L’ESSENTIEL
Depuis quelques mois et après des années de silence, les alertes médiatiques se multiplient sur les problèmes de la psychiatrie française. Les constats effarants sur l’état du système hospitalier (avec heureusement des exceptions) se succèdent, de même que les promesses gouvernementales. Des réformes s’imposent et un plan de reconstruction (dénommé « feuille de route ») a été promulgué par la ministre en charge de la Santé fin juin 2018.
Si le besoin d’une refonte de la psychiatrie publique fait l’unanimité, c’est beaucoup moins vrai pour les solutions envisagées : comme le rôle de l’hôpital public est de plus en plus restreint à la prise en charge des urgences et des premiers soins de courte durée, l’accent reste mis par les autorités de tutelle sur le « tout ambulatoire », au nom d’une société « inclusive » (i.e. les malades/handicapés retournent dans leur milieu habituel après l’hospitalisation). Or cette prise en charge ambulatoire est inadaptée aux personnes handicapées psychiques les plus lourdement atteintes, et les exclue au lieu de les inclure : au moins 150.000 d’entre elles sont à l’abandon du système de soins.
Alors la question se pose : pour elles, QUOI APRES L’HÔPITAL PSYCHIATRIQUE ?
Les familles le savent qui peinent à trouver une solution pour accueillir, soigner et réinsérer avec la patience qu’il faut leur enfant handicapé par une psychose sévère et chronique, les structures adaptées sont beaucoup trop peu nombreuses. Parmi elles, les dernières cliniques privées de psychothérapie institutionnelle n’offrent plus que quelques centaines de places, et semblent en sursis.
La psychothérapie institutionnelle est née avec la révolution psychiatrique. Bien que participante avant l’heure du mouvement d’inclusion des patients dans la société, elle est taxée aujourd’hui d’être surannée et rétrograde. Or elle est particulièrement performante, le montrer était le but de cette journée. Il importait en effet de faire redécouvrir les réalités de la psychothérapie institutionnelle d’aujourd’hui en clinique privée, et quel meilleur vecteur pour ce faire qu’inviter à cette (re)découverte un éminent professeur de CHU, donc du secteur public, en la personne du Pr Antoine Pelissolo.

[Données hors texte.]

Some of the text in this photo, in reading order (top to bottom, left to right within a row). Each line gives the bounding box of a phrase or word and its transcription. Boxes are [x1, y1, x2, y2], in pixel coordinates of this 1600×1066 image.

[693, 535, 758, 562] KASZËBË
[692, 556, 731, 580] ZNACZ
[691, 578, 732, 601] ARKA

Autour du Pr Pelissolo, de nombreuses personnalités ont été invitées : hauts fonctionnaires des ministères concernés, parlementaires, élus, médecins, dirigeants d’associations, journalistes… En raison de la date, peu ont pu venir, mais les participants ont vécu un moment de grande intensité en découvrant que la Clinique de Chailles était à la pointe de la performance en termes de soins, d’accompagnement vers la réinsertion mais aussi en termes économiques.

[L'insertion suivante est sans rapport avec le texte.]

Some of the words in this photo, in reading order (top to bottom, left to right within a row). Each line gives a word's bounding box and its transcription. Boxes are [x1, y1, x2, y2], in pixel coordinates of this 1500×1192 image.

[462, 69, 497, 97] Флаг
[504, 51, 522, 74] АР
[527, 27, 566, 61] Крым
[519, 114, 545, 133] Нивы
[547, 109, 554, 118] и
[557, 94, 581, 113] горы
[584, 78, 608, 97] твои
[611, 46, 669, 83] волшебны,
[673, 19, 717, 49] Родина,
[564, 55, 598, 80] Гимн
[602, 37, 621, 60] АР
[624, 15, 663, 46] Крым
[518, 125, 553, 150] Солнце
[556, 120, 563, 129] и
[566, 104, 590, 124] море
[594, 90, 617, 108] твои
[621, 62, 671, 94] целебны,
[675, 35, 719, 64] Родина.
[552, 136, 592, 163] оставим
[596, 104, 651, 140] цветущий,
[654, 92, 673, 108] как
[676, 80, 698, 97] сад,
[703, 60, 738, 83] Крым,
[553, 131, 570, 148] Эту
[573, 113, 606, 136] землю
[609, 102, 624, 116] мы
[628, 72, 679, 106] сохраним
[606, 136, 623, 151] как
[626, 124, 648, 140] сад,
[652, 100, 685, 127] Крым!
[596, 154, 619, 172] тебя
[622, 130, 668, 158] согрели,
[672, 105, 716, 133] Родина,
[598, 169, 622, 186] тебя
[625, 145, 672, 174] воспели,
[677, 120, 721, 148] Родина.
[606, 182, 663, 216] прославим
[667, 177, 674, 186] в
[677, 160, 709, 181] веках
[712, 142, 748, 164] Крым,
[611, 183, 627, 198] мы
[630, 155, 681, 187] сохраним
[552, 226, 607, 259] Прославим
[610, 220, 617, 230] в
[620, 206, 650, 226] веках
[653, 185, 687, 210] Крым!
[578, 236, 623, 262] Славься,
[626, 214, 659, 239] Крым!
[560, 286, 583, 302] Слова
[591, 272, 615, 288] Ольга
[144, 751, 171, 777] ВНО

La visite du domaine de La Chesnaie est surprenante à bien des égards, par ses installations ultramodernes pour certaines, délicieusement rétros pour d’autres, ses bâtiments parfois très originaux, l’ensemble abritant une organisation des soins – dispensés en continu pendant la durée nécessaire –, attentionnée et diversifiée, un résidentiel qui l’est tout autant et une vie sociale active et ouverte sur l’extérieur. L’ensemble est d’une richesse inattendue.
La table ronde qui a clôturé la journée a permis de confronter des avantages et inconvénients du secteur public par rapport au privé, et les méthodes thérapeutiques. Le Pr Pelissolo a rappelé que l’hôpital public, souvent installé dans un bâti ancien et urbain, supportait des coûts plus élevés mais aussi que le secteur public avait la charge d’assurer la recherche et la formation, d’où les écarts tarifaires. Par rapport à la psychothérapie institutionnelle, la différence la plus criante est le manque de moyens humains, victimes des coupes budgétaires, alors que le soin en psychiatrie demande du temps. Or le secteur public en a de moins en moins à consacrer à chaque patient.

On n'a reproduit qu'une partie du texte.